Robert D. Putnam is a scholar who studies American culture and who focuses his work on communities.  He wrote a book titled “Bowling Alone” that describes a sociological phenomenon in which more and more of our countrymen are bowling alone.

What was once a social game, to which people congregated in leagues, is turning into a solitary activity.  Bowling, of course, is not Putnam’s real concern.  His interest is in the disconnection that characterizes our culture more and more.  He notes that it has invaded the church as well as the bowling alley.

His observations appear more faithful to the reality we see around us than the notion of a church that is “one, holy, catholic and apostolic,” as we recite each Sunday – with emphasis on the “one.”  In an age of proliferating denominations, epidemic divorce and families rent asunder, how can we find the unity of the promise of Pentecost?
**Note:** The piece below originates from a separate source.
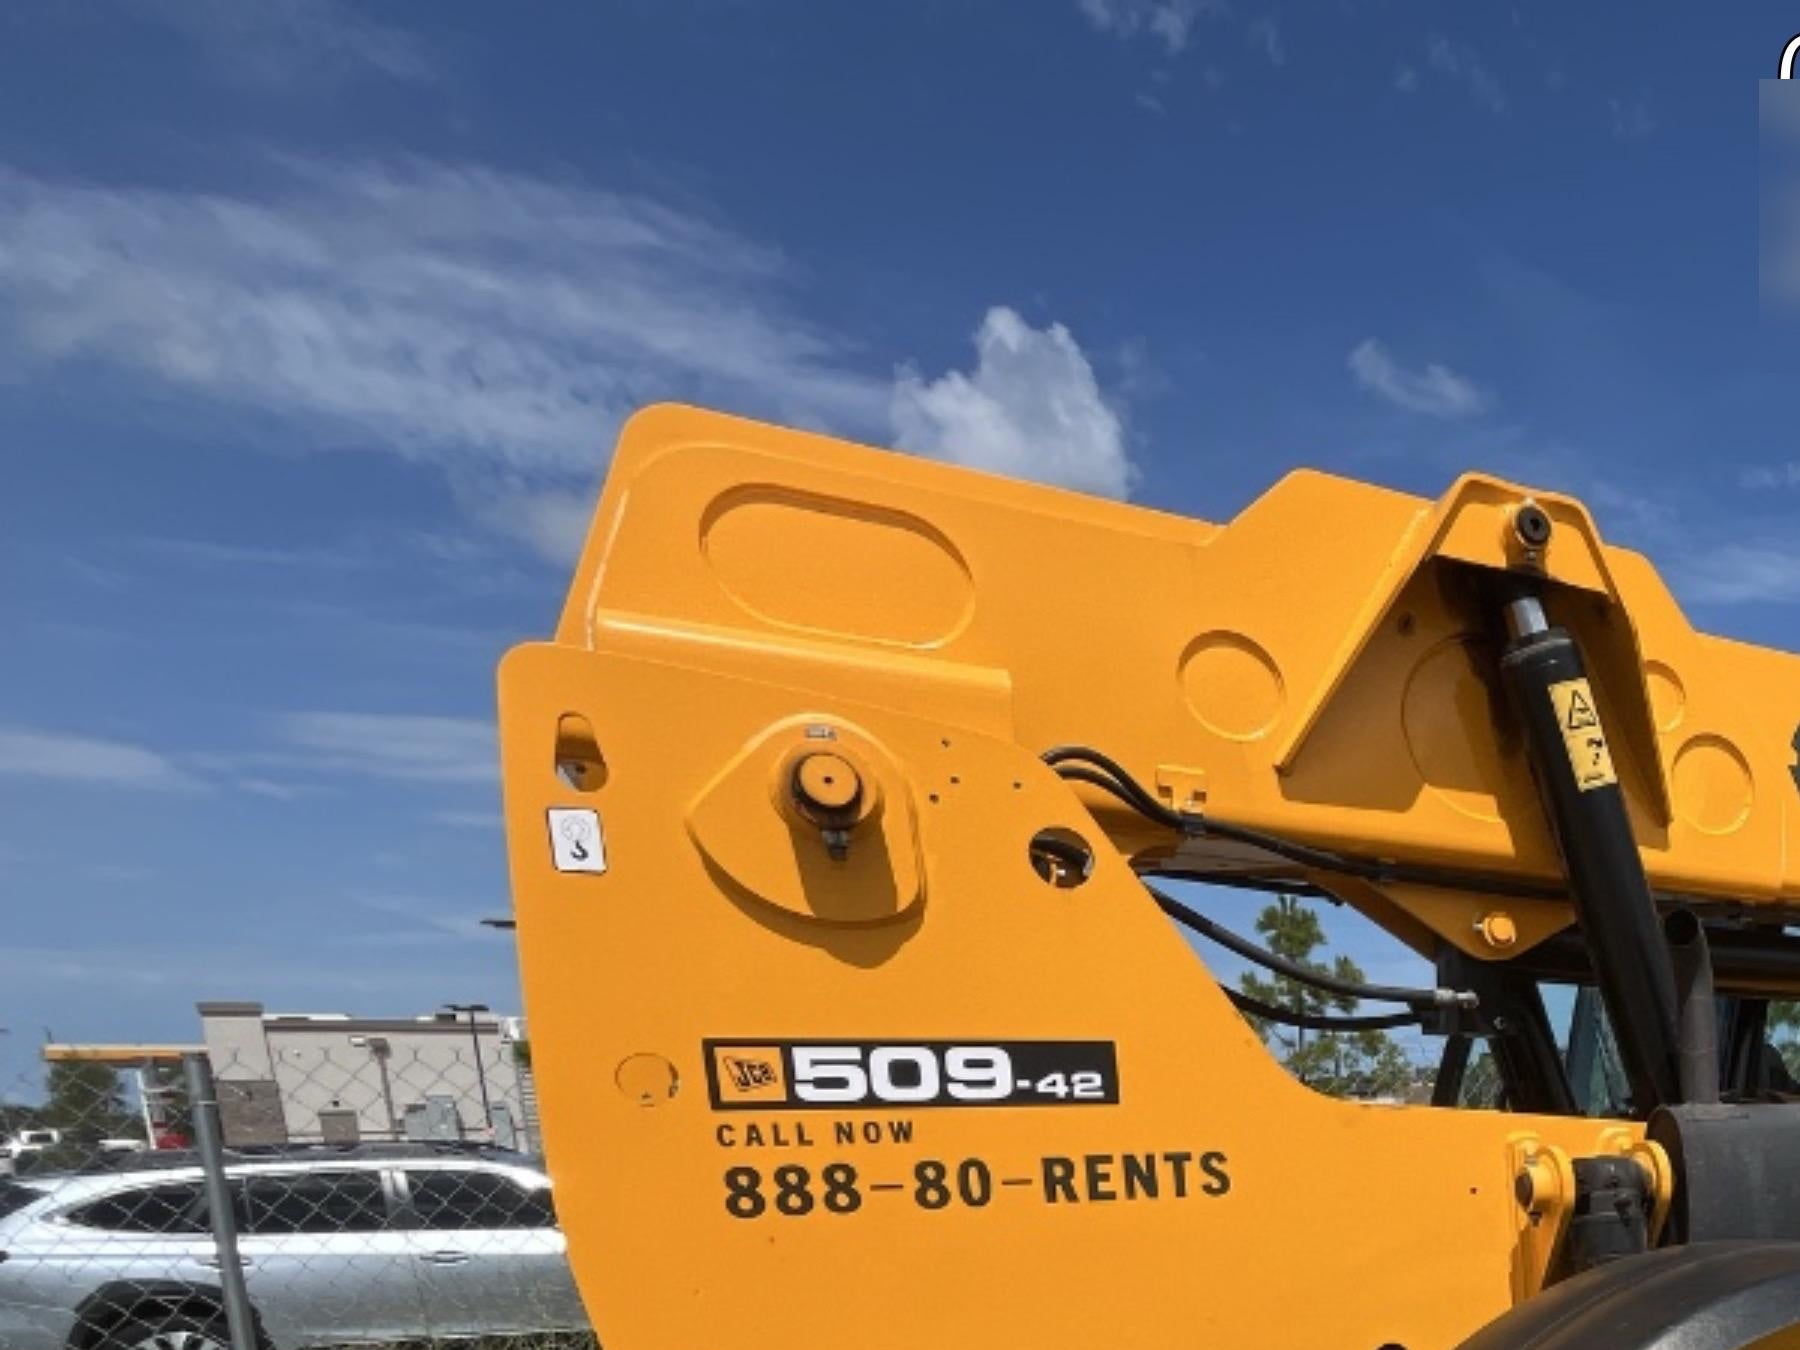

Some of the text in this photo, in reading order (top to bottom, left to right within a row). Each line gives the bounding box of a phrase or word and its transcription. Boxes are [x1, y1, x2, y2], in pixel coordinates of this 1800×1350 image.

[791, 1045, 1105, 1102] 509-42
[716, 1121, 914, 1147] CALL NOW
[724, 1151, 1231, 1219] 888-80-RENTS
We will see it if we look through the eyes of Samuel Wesley, who peered beyond his own demise and saw an England restored to worship . . . if we look through the eyes of St. Augustine, who stood with feet firmly planted in the City of Man and caught the vision of the City of God.

We will not stumble if we walk by faith and not by sight, if we walk not in our own strength but in the power of the Holy Spirit. The Lord has built this house, His church, and the Lord does not labor in vain.  Amen.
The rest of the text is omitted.